• What is expected:
Please give every line below again exactly, but not its pictures.

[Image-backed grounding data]
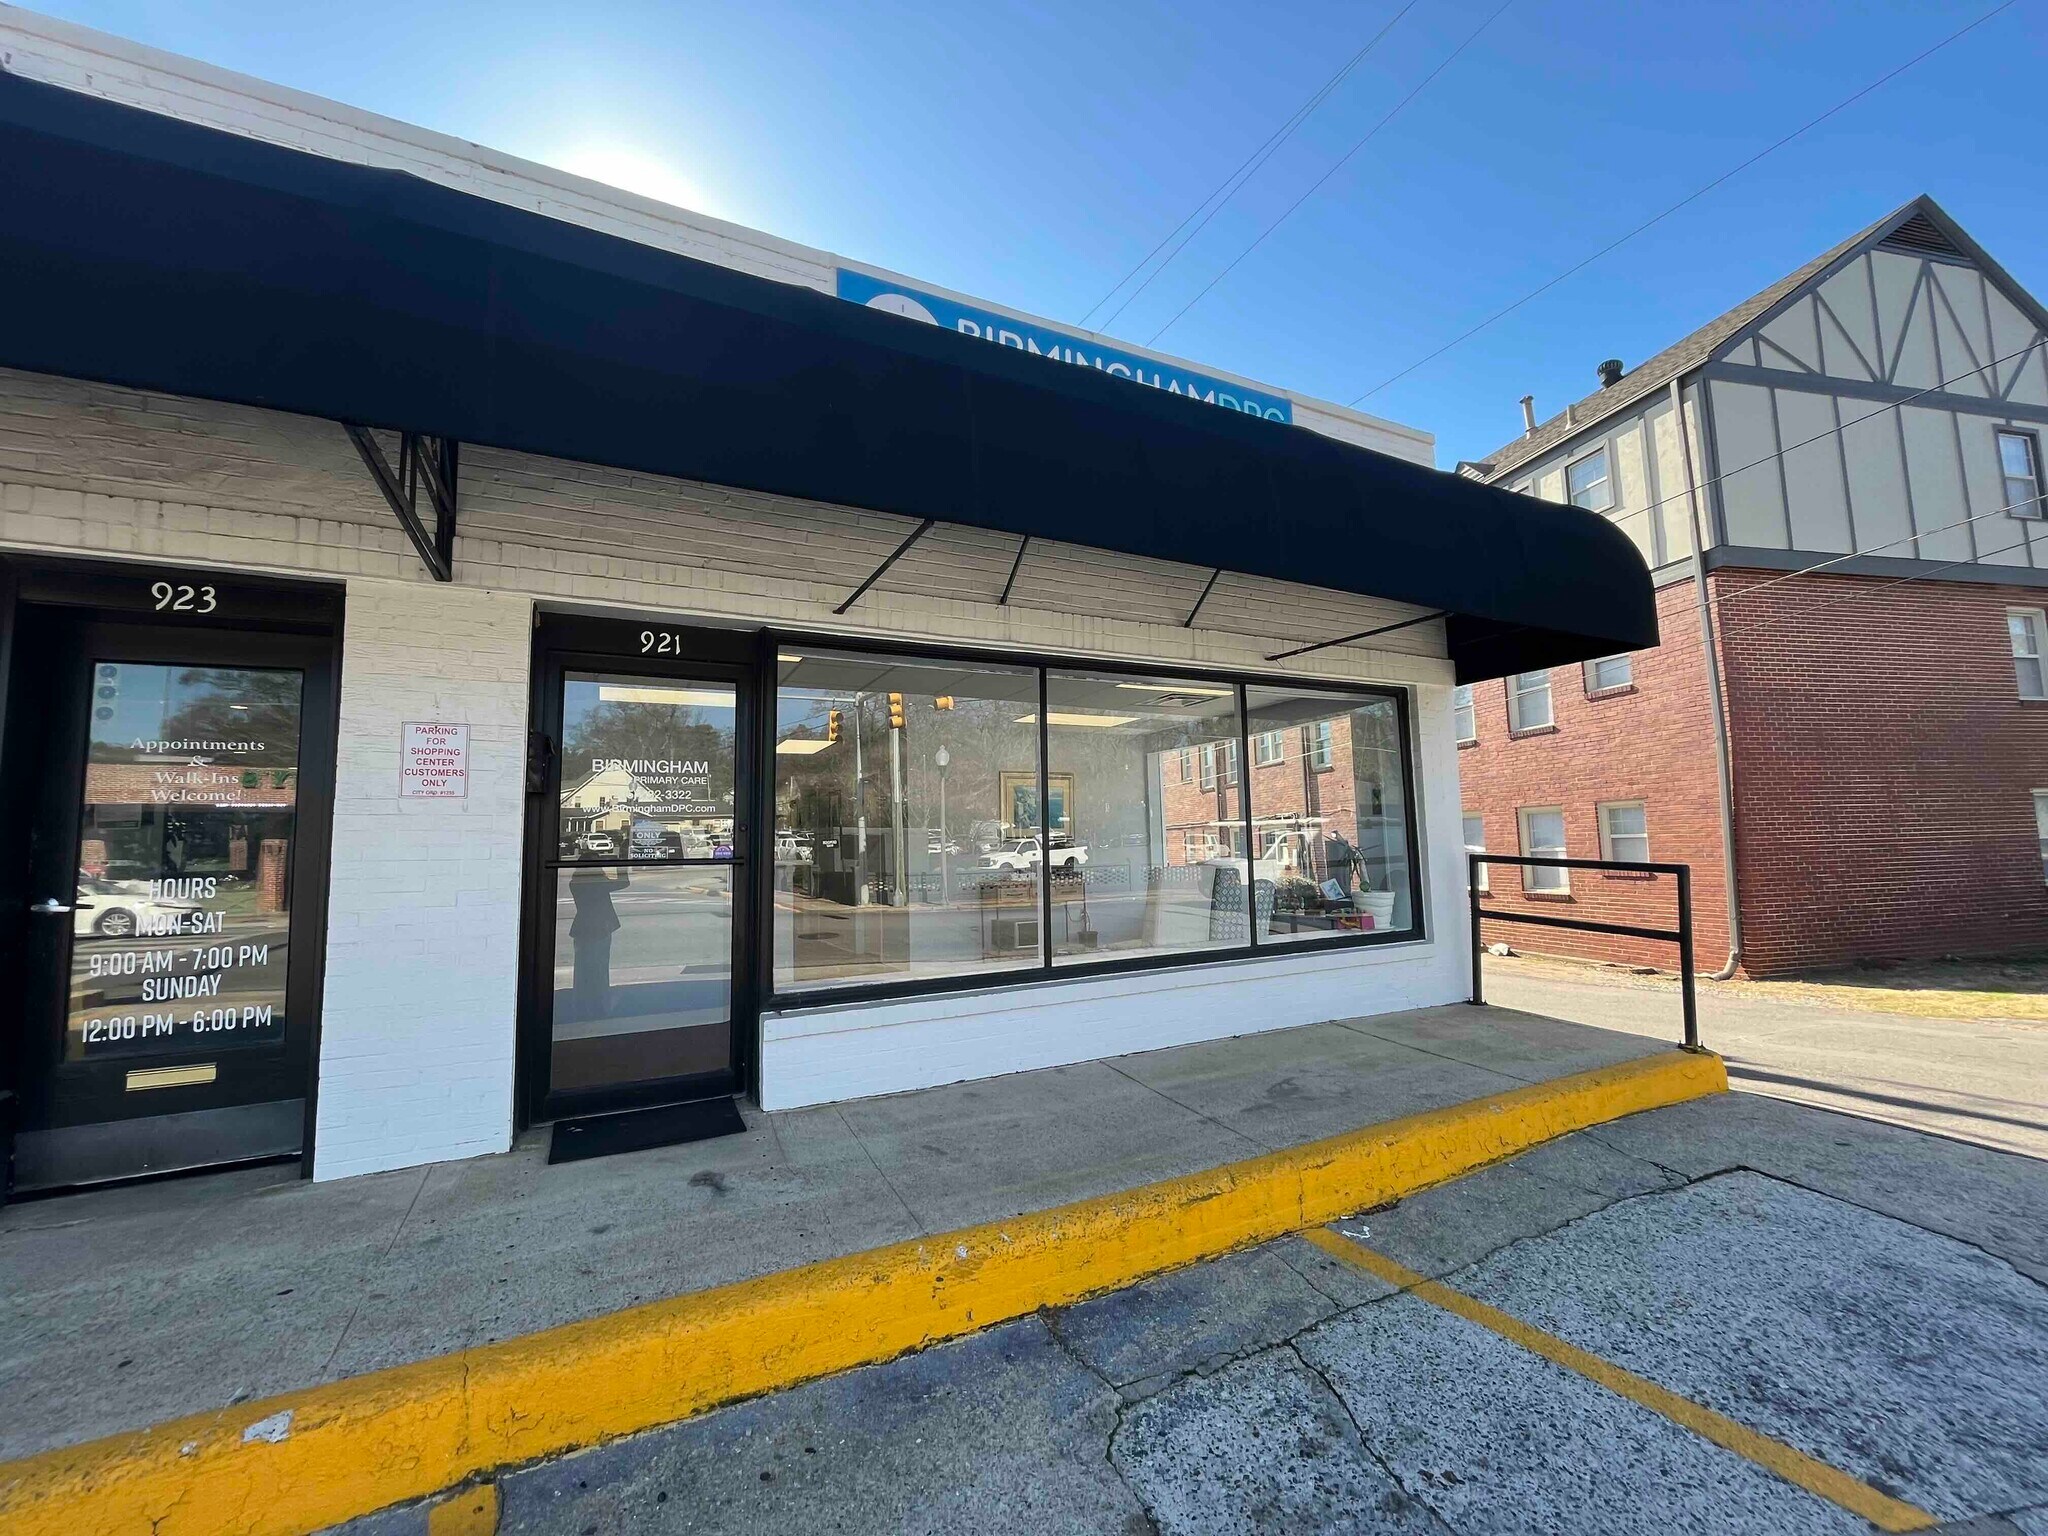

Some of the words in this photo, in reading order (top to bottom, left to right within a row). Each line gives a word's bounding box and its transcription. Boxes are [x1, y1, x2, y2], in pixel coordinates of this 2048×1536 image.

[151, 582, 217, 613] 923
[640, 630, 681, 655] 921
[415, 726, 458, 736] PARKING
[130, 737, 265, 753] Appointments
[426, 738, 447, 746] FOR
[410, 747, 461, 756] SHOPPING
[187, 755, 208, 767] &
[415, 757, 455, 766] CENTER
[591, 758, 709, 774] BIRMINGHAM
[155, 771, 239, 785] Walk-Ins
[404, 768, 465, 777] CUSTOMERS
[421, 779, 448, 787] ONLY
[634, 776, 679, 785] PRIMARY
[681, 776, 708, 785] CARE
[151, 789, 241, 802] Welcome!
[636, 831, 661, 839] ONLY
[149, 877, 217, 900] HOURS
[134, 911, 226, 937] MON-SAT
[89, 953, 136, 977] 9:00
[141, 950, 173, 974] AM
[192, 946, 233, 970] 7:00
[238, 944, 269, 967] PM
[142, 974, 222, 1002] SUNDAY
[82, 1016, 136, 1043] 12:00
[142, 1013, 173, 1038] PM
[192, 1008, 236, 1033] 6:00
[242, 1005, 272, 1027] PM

• Response area:
Some of the words in this photo, in reading order (top to bottom, left to right within a row). Each line gives a word's bounding box and its transcription. Boxes are [x1, y1, x2, y2], in pixel coordinates of this 2048×1536 image.

[151, 582, 217, 613] 923
[640, 630, 681, 655] 921
[415, 726, 458, 736] PARKING
[130, 737, 265, 753] Appointments
[426, 738, 447, 746] FOR
[410, 747, 461, 756] SHOPPING
[187, 755, 208, 767] &
[415, 757, 455, 766] CENTER
[591, 758, 709, 774] BIRMINGHAM
[155, 771, 239, 785] Walk-Ins
[404, 768, 465, 777] CUSTOMERS
[421, 779, 448, 787] ONLY
[634, 776, 679, 785] PRIMARY
[681, 776, 708, 785] CARE
[151, 789, 241, 802] Welcome!
[636, 831, 661, 839] ONLY
[149, 877, 217, 900] HOURS
[134, 911, 226, 937] MON-SAT
[89, 953, 136, 977] 9:00
[141, 950, 173, 974] AM
[192, 946, 233, 970] 7:00
[238, 944, 269, 967] PM
[142, 974, 222, 1002] SUNDAY
[82, 1016, 136, 1043] 12:00
[142, 1013, 173, 1038] PM
[192, 1008, 236, 1033] 6:00
[242, 1005, 272, 1027] PM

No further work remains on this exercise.